SUPPLIED RECORDS Start Marker

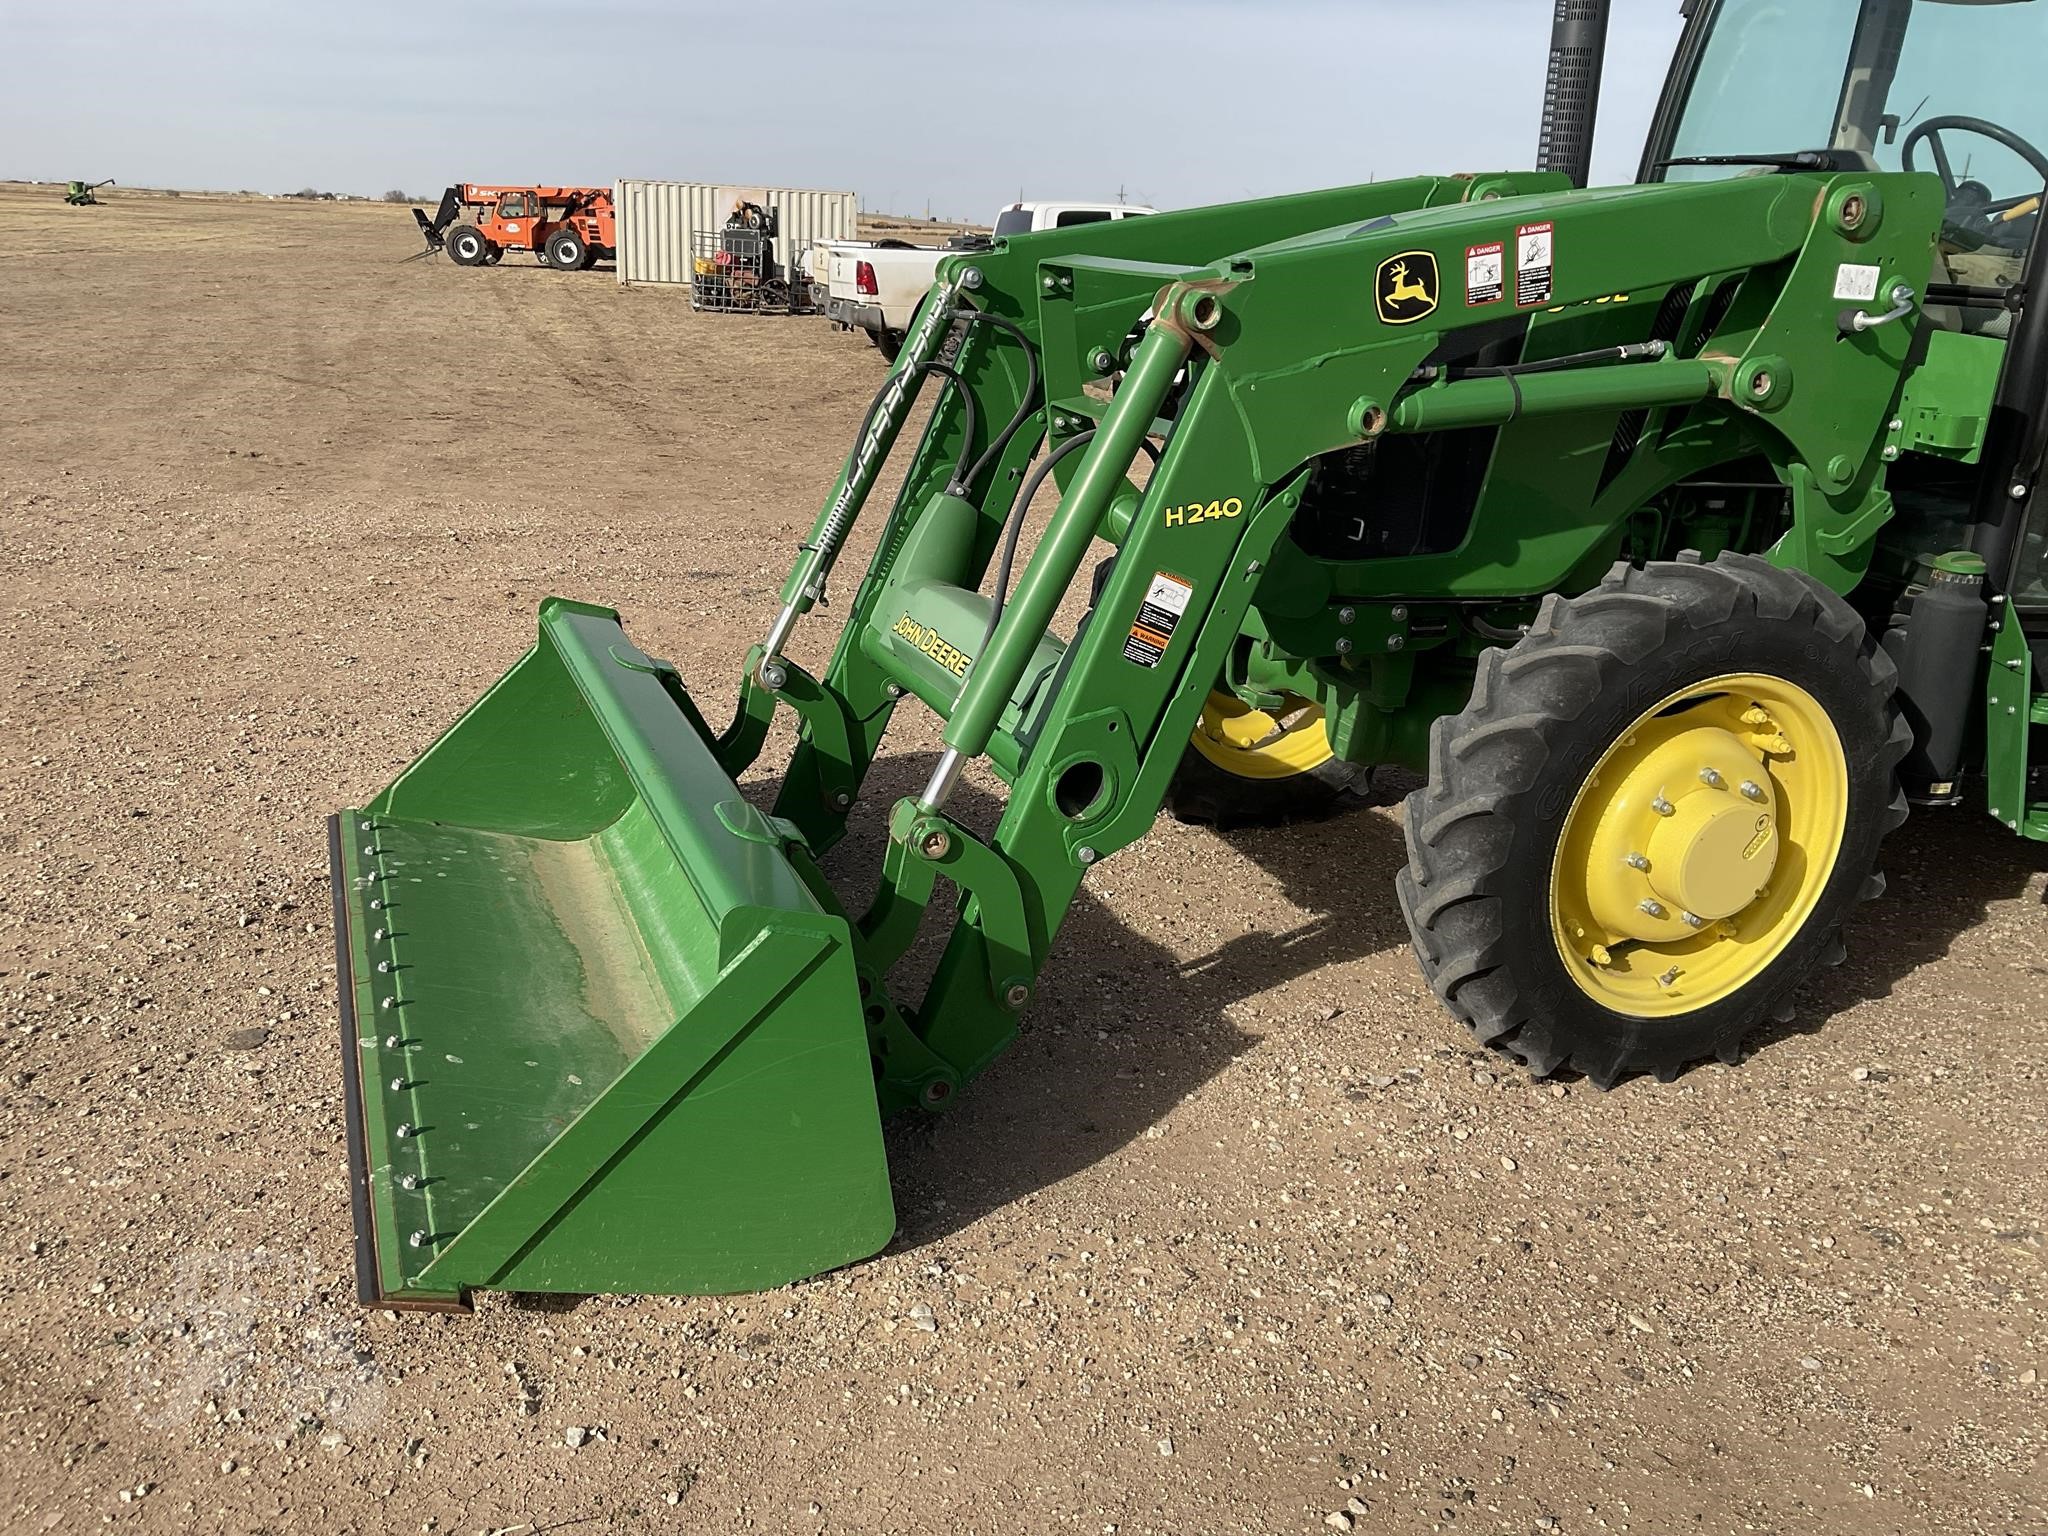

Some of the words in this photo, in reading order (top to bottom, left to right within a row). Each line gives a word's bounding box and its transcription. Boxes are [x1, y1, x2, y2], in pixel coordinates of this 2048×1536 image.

[1527, 224, 1551, 233] DANGER
[1476, 245, 1501, 255] DANGER
[1165, 497, 1243, 528] H240
[892, 610, 926, 646] JOHN
[919, 628, 973, 678] DEERE
[1140, 633, 1166, 647] WARNING
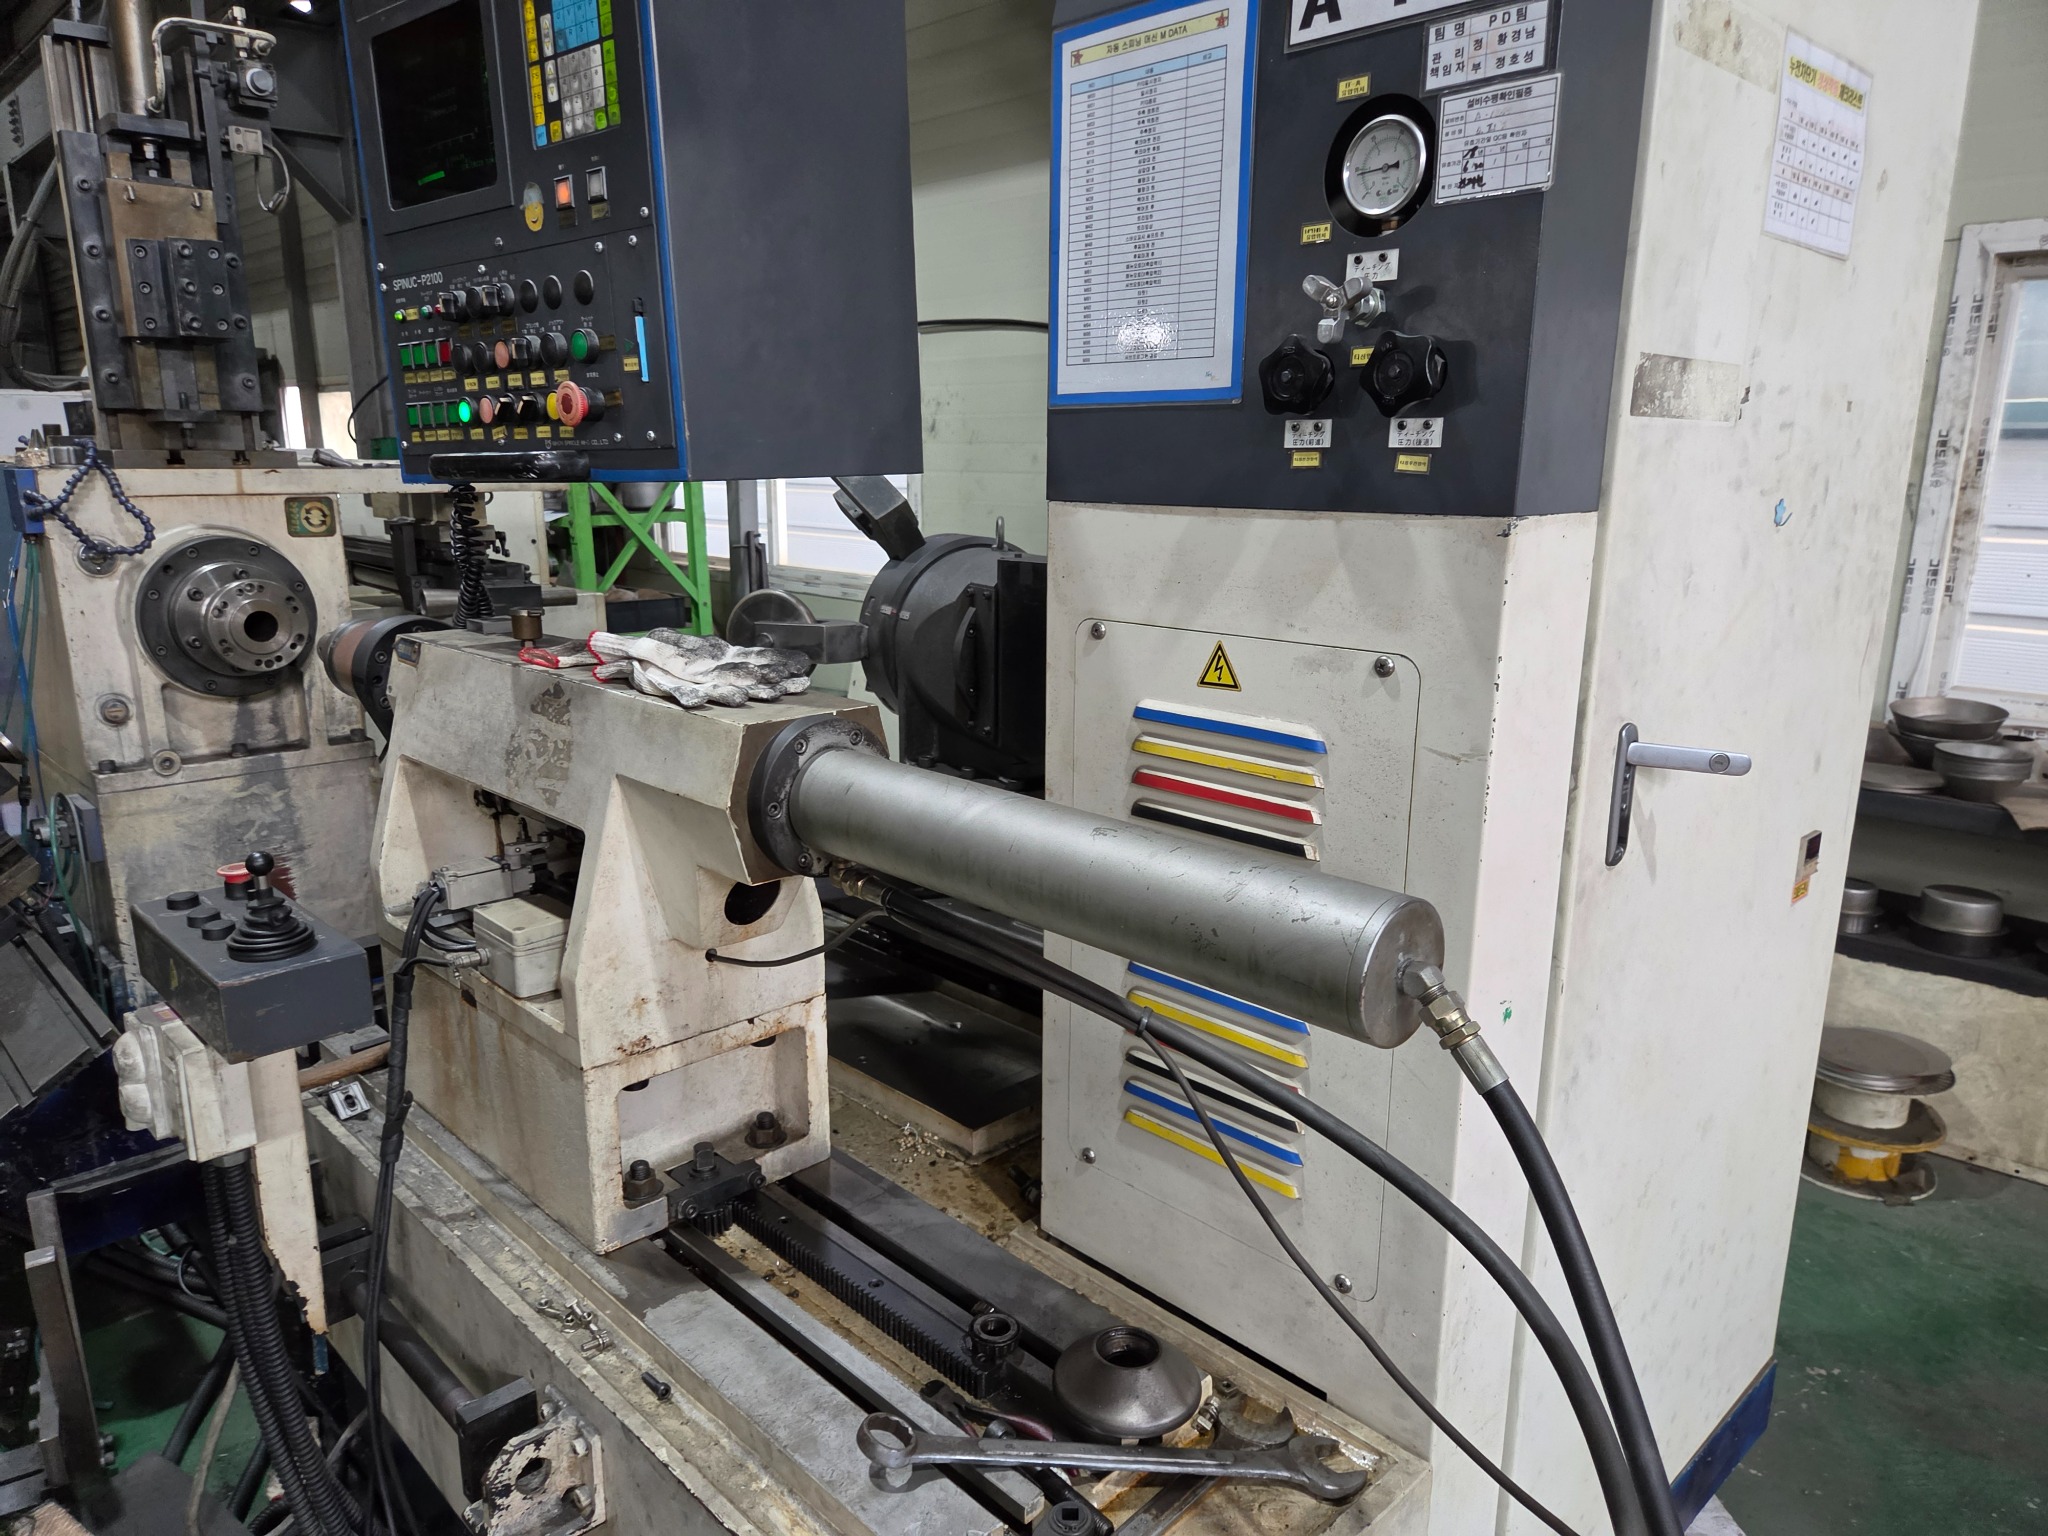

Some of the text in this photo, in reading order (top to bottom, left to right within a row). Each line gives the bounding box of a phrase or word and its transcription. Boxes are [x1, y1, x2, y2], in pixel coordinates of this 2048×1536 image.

[1299, 0, 1342, 31] A
[1121, 38, 1142, 51] 스피닝
[1160, 31, 1167, 40] M
[1168, 25, 1188, 38] DATA
[1473, 37, 1483, 51] 정
[1471, 62, 1482, 74] 부
[1467, 86, 1533, 109] 설비수평확인필증
[393, 271, 443, 291] SPINUC-P2100

SUPPLIED RECORDS End Marker

TASK DESCRIPTION
Without the images, output all the entries exactly as they stand.

TASK OUTPUT
Some of the words in this photo, in reading order (top to bottom, left to right within a row). Each line gives a word's bounding box and its transcription. Boxes are [x1, y1, x2, y2], in pixel coordinates of this 2048×1536 image.

[1527, 224, 1551, 233] DANGER
[1476, 245, 1501, 255] DANGER
[1165, 497, 1243, 528] H240
[892, 610, 926, 646] JOHN
[919, 628, 973, 678] DEERE
[1140, 633, 1166, 647] WARNING

Some of the text in this photo, in reading order (top to bottom, left to right within a row). Each line gives the bounding box of a phrase or word and its transcription. Boxes are [x1, y1, x2, y2], in pixel coordinates of this 2048×1536 image.

[1299, 0, 1342, 31] A
[1121, 38, 1142, 51] 스피닝
[1160, 31, 1167, 40] M
[1168, 25, 1188, 38] DATA
[1473, 37, 1483, 51] 정
[1471, 62, 1482, 74] 부
[1467, 86, 1533, 109] 설비수평확인필증
[393, 271, 443, 291] SPINUC-P2100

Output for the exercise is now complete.